Right behind McElwain is Earvin "Magic" Johnson, he of Lakers fame. "When I first saw the highlights on ESPN and then heard Jason's back story, I said, 'Man, I've got to be a part of this.' This story touched me, my kids, my wife," said Johnson. "When we go to the movies, this is the type of story we want to see."

The self-centeredness of the typical American is apparent in that one comment of Johnson's. "Man, I've got to be a part of this." "When we go to the movies, this is the type of story we want to see." Yes, it's all about satiating ourselves. Entertain me, autistic boy. Make me money, autistic boy.

If all it takes anymore to hit it big in America is some sort of disability, then you can find me slamming my head up against a wall until I don't know who I am anymore, then offer me a movie contract and an appearance on Oprah.

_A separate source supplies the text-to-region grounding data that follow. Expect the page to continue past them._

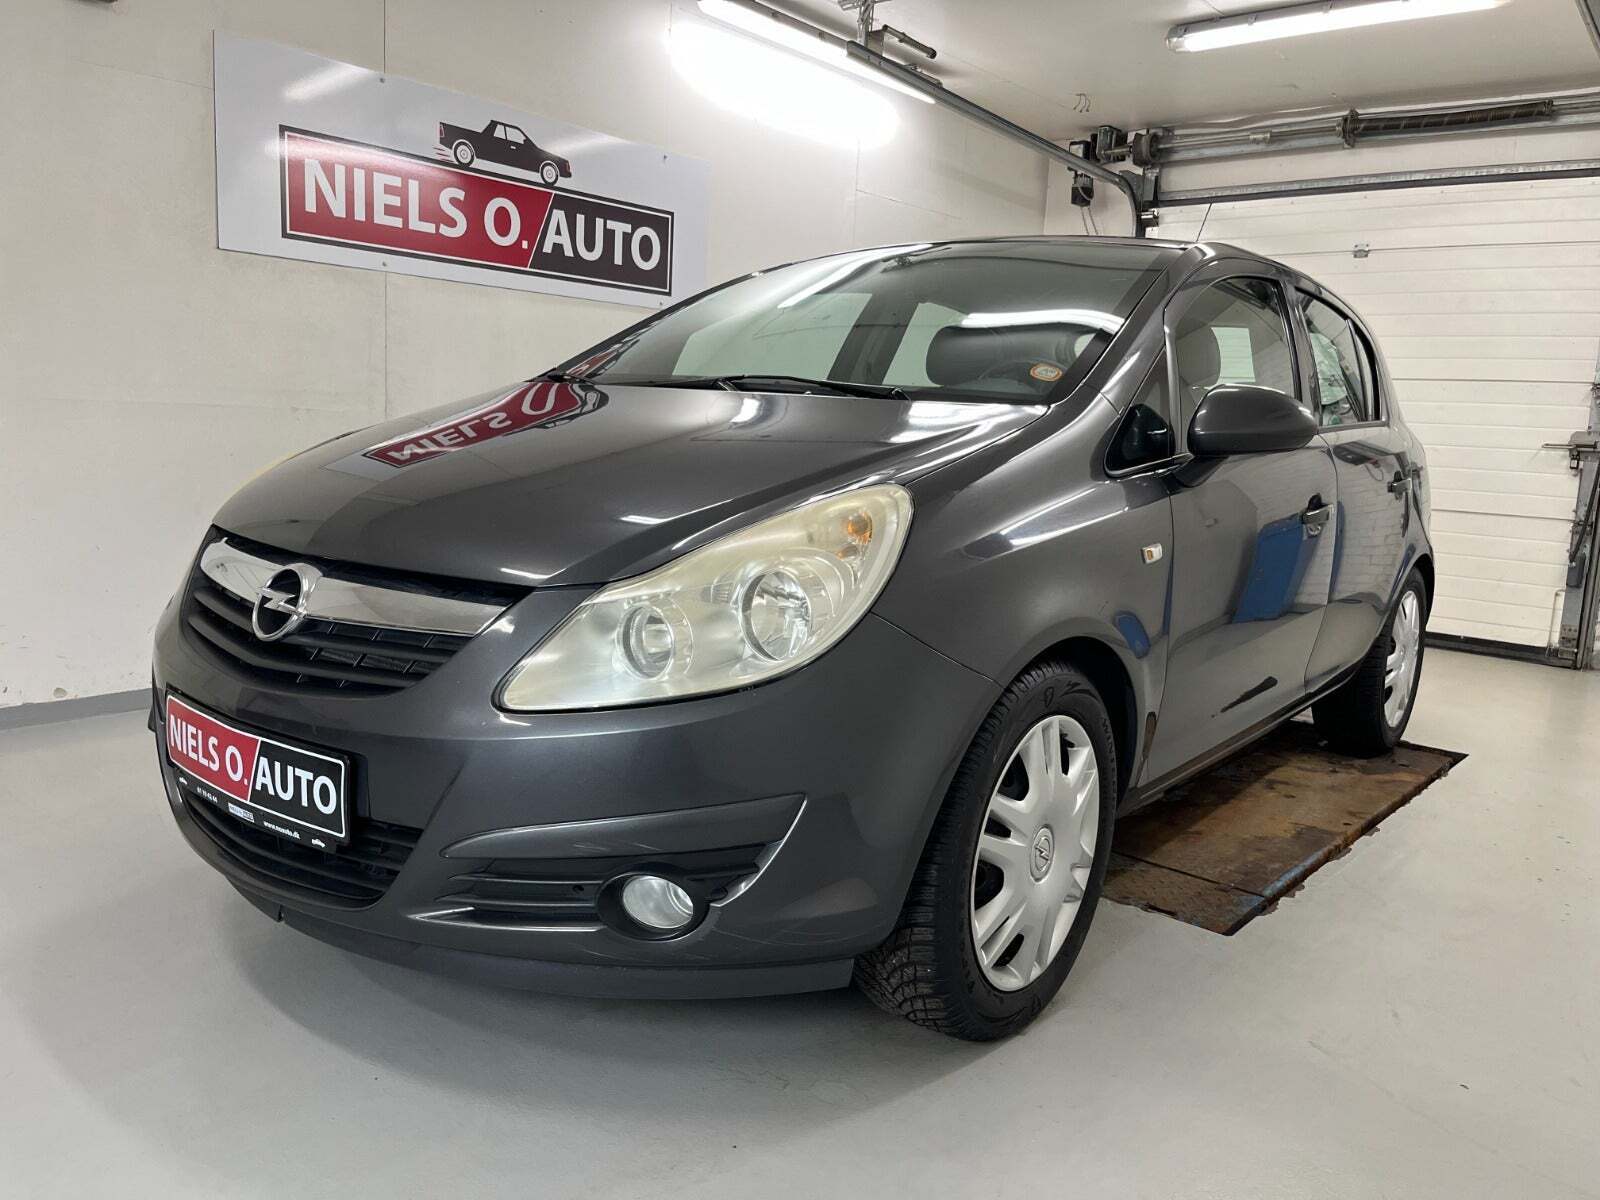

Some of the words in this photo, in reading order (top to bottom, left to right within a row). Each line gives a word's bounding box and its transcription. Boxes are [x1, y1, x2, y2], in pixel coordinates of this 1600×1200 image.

[303, 158, 467, 238] NIELS
[484, 197, 529, 249] O.
[542, 208, 661, 271] AUTO
[169, 714, 220, 772] NIELS
[225, 745, 249, 786] O.
[255, 756, 337, 815] AUTO

Estimates say that autism occurs in one in every 166 children in the United States, though some estimates have it more conservatively at 1,000. There are 298,568,334 people living in the United States as of this writing. By the conservative estimate, 298,568 of them are autistic, and plenty more have diseases that have been used in other movies that likely have at least "Academy Award nominee" in the footnotes, thanks to the freak show-loving American public, and more importantly, American mainstream media. Are those 298,568 autistic people deserving of a movie contract, too, or do they need to do something as great as hit six straight three-pointers? Probably not. Not even McElwain is deserving of his fame.

When this country can stop finding the differences between themselves and others and attempting to profit off of it, maybe she won't find herself in such a precarious position all of the time. Whether it's pointing out that Middle Eastern people were largely responsible for the attacks on the World Trade Center on September 11, 2001, and subsequently resorting to racial profiling for airport security, or viewing an autistic person as "underlings" because of their disability, Americans are always going to use discrimination to put themselves on a pedestal, usually to do one of two things: make himself look good, or to fill his wallet with greenbacks.

So what can be expected of McElwain's movie? We can expect it to be in the running for Best Picture, if history is any indication. We can also be sure that Magic Johnson and Columbia Pictures are glad this kid wasn't born "normal."